Maybe I’m being optimistic, but I think there’s been a bit of a rise of narratives with unusual structure over the past few years – to give a couple of examples,the success of Gone Girl in both written and filmed form was testimony to audiences’ willingness to watch events play out of sequence, and complex structure was a key aspect of Steven Moffatt’s work on Doctor Who (though he doesn’t need time travel as a plot device to enable this kind of thing, as fans of his earlier work Coupling [and I am one of those fans] will be aware).

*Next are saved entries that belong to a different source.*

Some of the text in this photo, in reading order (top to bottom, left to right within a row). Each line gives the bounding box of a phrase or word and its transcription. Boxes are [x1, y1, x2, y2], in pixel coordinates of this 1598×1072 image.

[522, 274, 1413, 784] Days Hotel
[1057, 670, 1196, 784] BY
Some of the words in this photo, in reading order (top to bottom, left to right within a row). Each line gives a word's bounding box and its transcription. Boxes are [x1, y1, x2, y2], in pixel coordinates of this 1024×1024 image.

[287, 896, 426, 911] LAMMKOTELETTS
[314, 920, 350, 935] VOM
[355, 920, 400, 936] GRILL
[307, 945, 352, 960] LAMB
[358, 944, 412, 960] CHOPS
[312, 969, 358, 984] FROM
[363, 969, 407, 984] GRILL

There are often suggestions that audiences are becoming increasingly sophisticated and aware of how narrative works, and I guess that willingness to accept breaking and bending of the A to B shape of a tale may well be a part of that.

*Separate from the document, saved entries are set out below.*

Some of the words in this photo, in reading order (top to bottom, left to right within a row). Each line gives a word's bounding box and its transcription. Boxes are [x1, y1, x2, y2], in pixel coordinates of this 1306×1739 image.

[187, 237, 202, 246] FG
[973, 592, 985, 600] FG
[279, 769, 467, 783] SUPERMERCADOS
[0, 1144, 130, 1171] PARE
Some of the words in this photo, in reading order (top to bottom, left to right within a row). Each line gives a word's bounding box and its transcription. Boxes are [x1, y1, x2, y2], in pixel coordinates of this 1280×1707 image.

But whether it’s part of a wider phenomenon or not, I’ve long been a fan of structure; as a reader, once I recognise it, I find it reassuring (and in the case of Cloud Atlas, it took me until the midpoint of the book to realise what the author was doing, but when the penny dropped, it did so in a very satisfying way), and as a writer – you knew I’d get to this eventually – I find it very useful.

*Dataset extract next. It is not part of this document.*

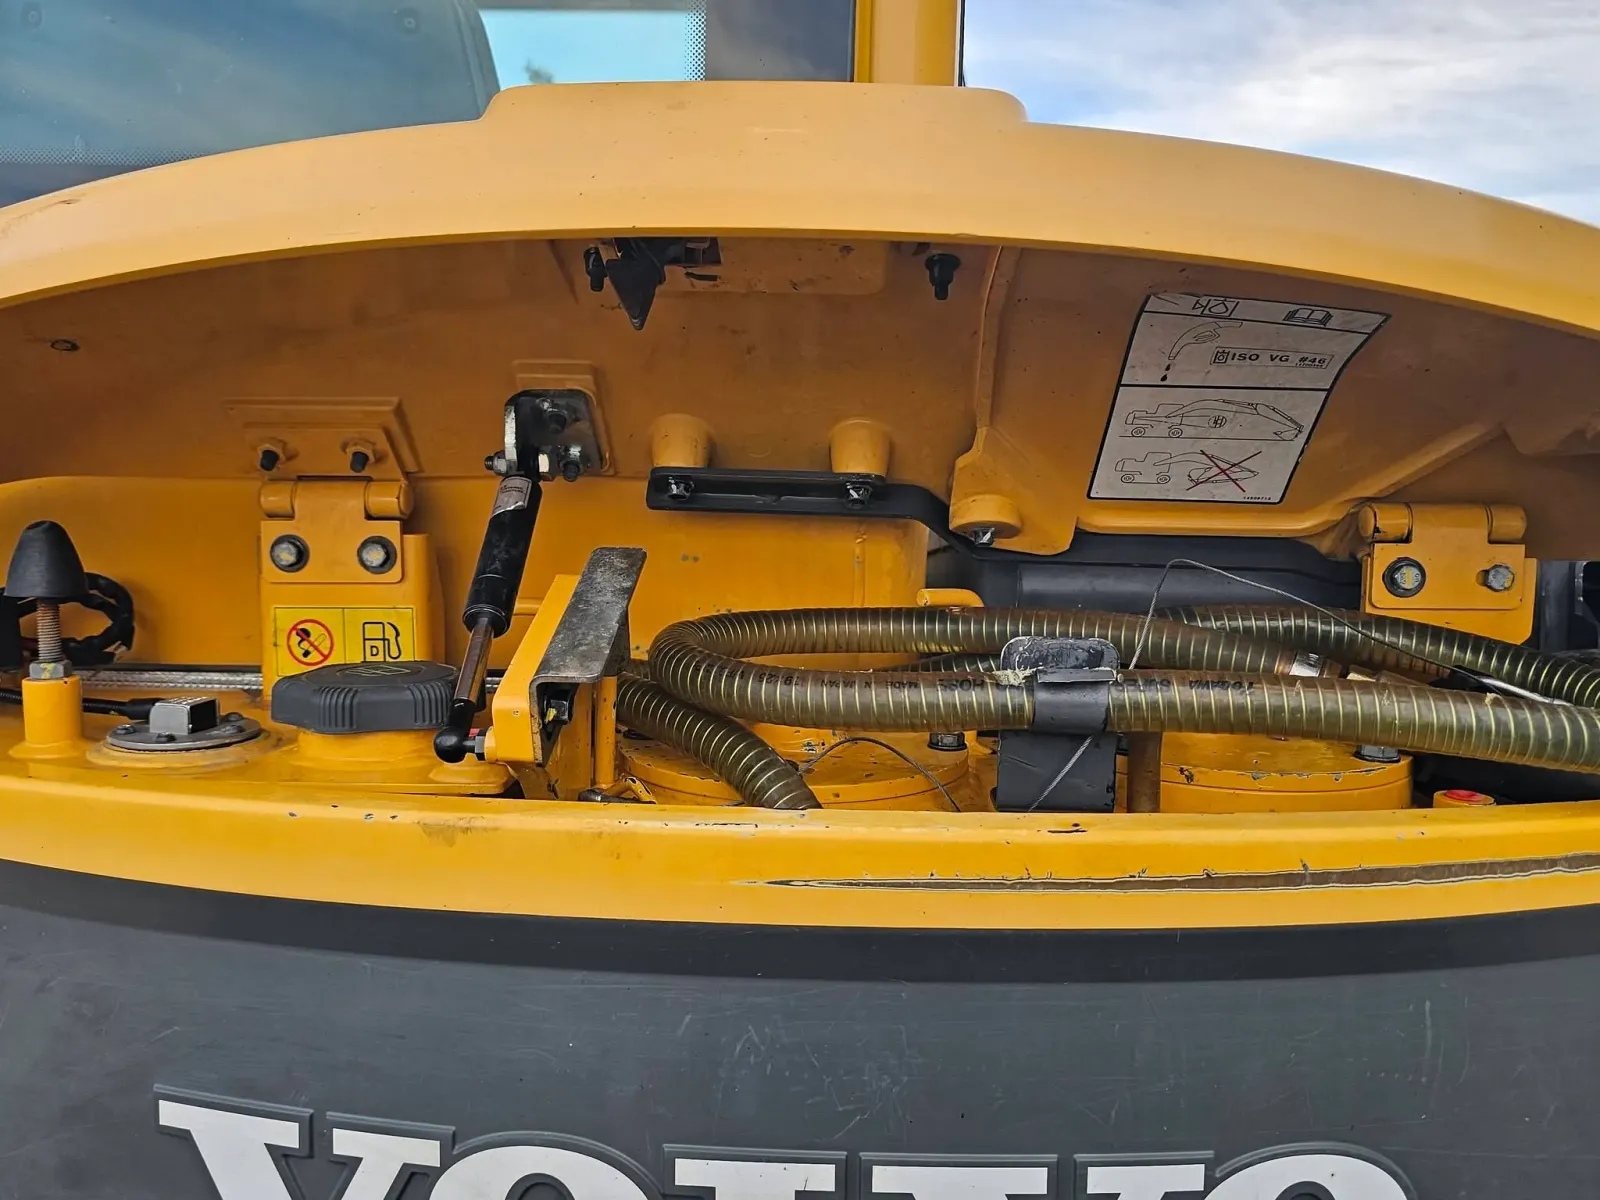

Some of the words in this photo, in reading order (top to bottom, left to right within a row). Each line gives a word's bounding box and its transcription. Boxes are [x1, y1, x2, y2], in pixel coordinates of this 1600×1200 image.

I’m a plotter, through and through, and like to have a pretty firm grasp on where the story’s going before I set down even the first line; I’m not one of those people who conjure up characters and then set them off into the environment of the story and see what happens – as novelist Sarah Perry says at about 2m38s in this podcast…

… the characters are plot devices; they’re adrift in the sea of the story, and they can no more shape the tides than you or I can.

And from a writing standpoint – and especially working, as I do, in the crime/thriller genre where plot is key – there’s something very useful about having a structure to work to; that might be a simple three or even five act structure, it might simply mean having the story starting and ending at the same place or in a similar way to hint at some idea of symmetry, or whatever, but if you have a structure sorted out ahead of time that lets you know what you should be writing about next, then that’s very useful indeed.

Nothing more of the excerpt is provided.